[Free-text object descriptions]
═══

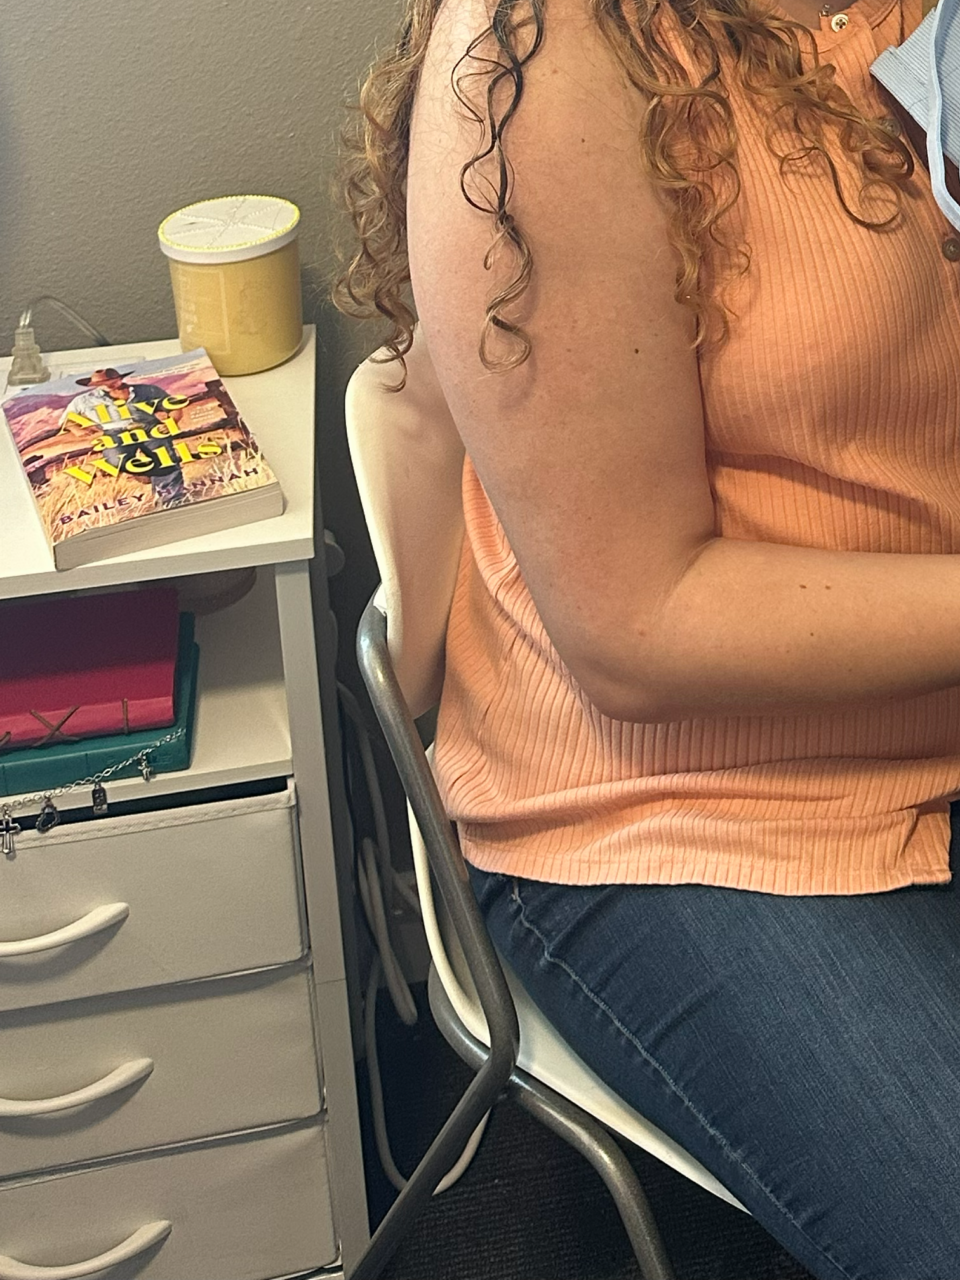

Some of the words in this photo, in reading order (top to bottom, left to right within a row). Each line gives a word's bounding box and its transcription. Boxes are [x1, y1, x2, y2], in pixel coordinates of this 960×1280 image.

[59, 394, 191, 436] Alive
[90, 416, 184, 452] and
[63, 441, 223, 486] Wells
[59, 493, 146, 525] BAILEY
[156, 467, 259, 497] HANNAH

═══

## Work item:
Reproduce each entry precisely, dropping only the pictures.

## Result for this exercise:
Some of the words in this photo, in reading order (top to bottom, left to right within a row). Each line gives a word's bounding box and its transcription. Boxes are [x1, y1, x2, y2], in pixel coordinates of this 960×1280 image.

[59, 394, 191, 436] Alive
[90, 416, 184, 452] and
[63, 441, 223, 486] Wells
[59, 493, 146, 525] BAILEY
[156, 467, 259, 497] HANNAH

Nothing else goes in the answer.